TitleHIV Stroke Risk: Evidence and Implications
Publication TypeJournal Article
Year of Publication2013
AuthorsSinger, EJ, Valdes-Sueiras, M, Commins, D, Yong, WH, Carlson, M
JournalTherapeutic Advances in Chronic Disease
Date Published03/2014
KeywordsAtherosclerosis, cerebrovascular, human immunodeficiency virus type 1, Infection, Inflammation, Internal, stroke

An estimated 34 million men, women, and children are infected with human immunodeficiency virus type 1 (HIV-1), the virus that causes acquired immunodeficiency syndrome (AIDS). Current technology cannot eradicate HIV-1, and most patients with HIV-1-infection (HIV+) will require lifelong treatment with combined antiretroviral therapy (cART). Stroke was recognized as a complication of HIV-1 infection since the early days of the epidemic. Potential causes of stroke in HIV-1 include opportunistic infections, tumors, atherosclerosis, diabetes, hypertension, autoimmunity, coagulopathies, cardiovascular disease, and direct HIV-1 infection of the arterial wall.

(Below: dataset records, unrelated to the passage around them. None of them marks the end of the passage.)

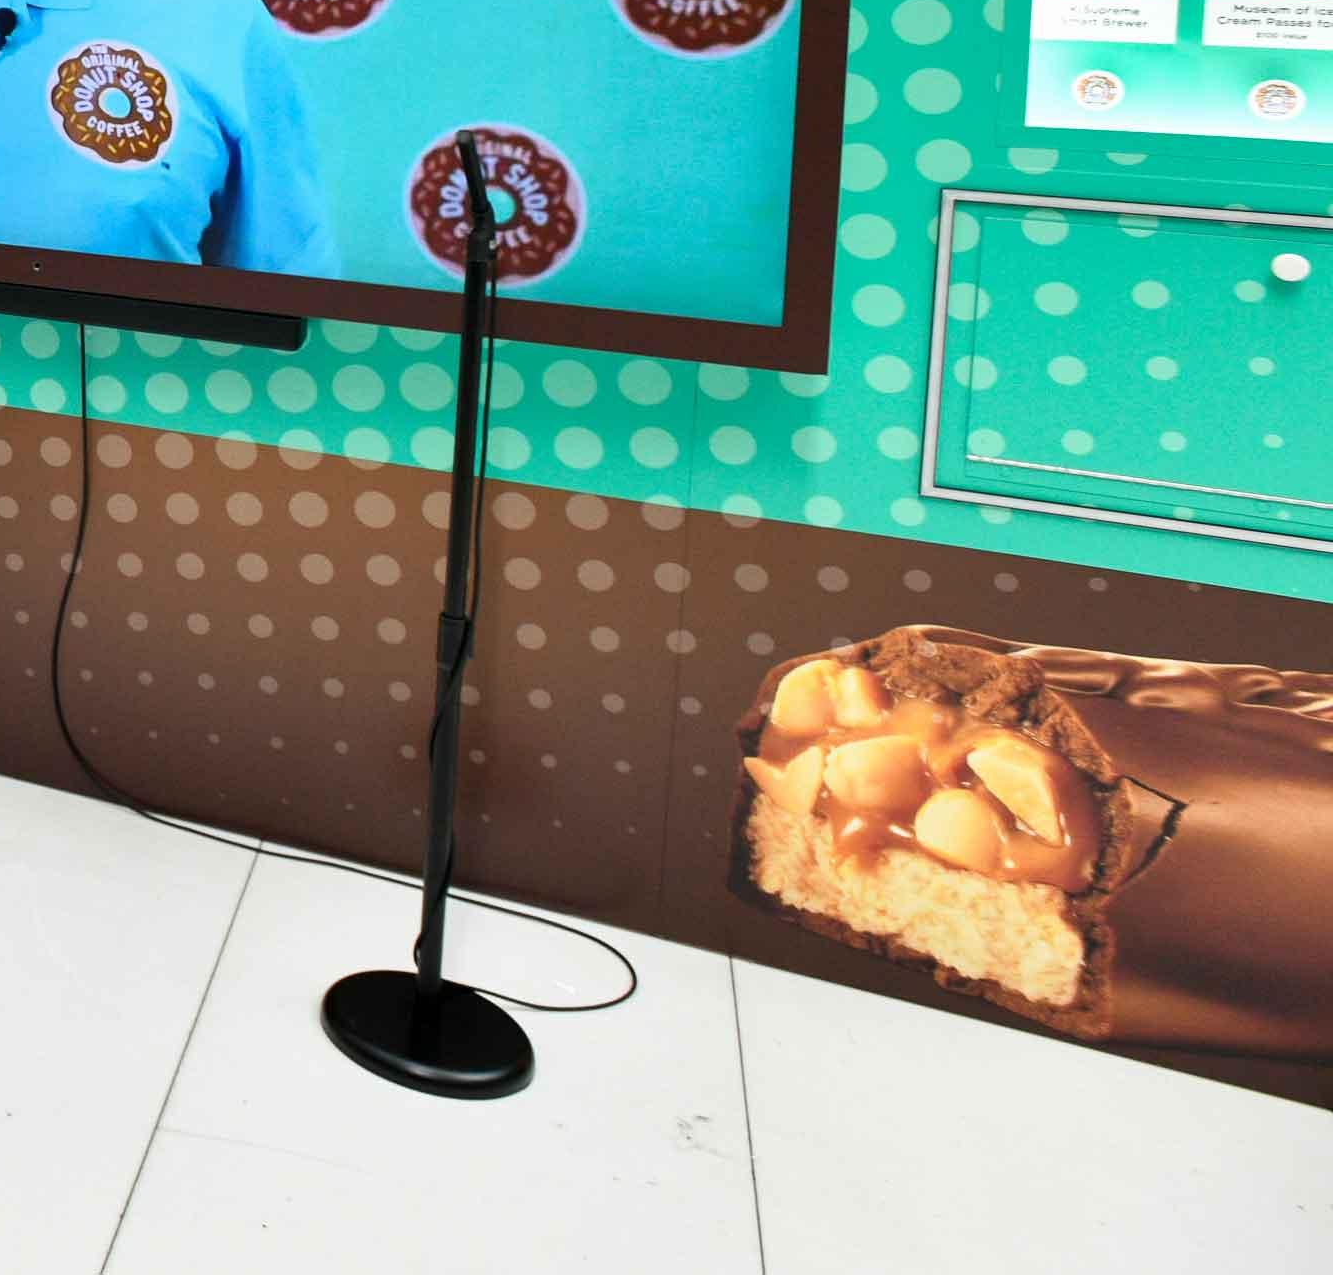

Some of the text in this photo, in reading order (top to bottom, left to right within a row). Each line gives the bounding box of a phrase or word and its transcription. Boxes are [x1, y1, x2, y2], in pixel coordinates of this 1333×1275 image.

[1234, 4, 1291, 14] Museum
[1295, 6, 1310, 15] of
[1102, 18, 1148, 28] Brewer
[1217, 16, 1261, 25] Cream
[1266, 18, 1312, 28] Passes
[81, 54, 141, 74] ORIGINAL
[74, 66, 155, 122] DONUT SHOP
[86, 115, 144, 138] COFFEE
[502, 163, 550, 226] SHOP

Ischemic stroke has emerged as a particularly significant neurological complication of HIV-1 and its treatment due to the aging of the HIV+ population, chronic HIV-1 infection, inflammation, and prolonged exposure to cART. New prevention and treatment strategies tailored to the needs of the HIV+ population are needed to address this issue.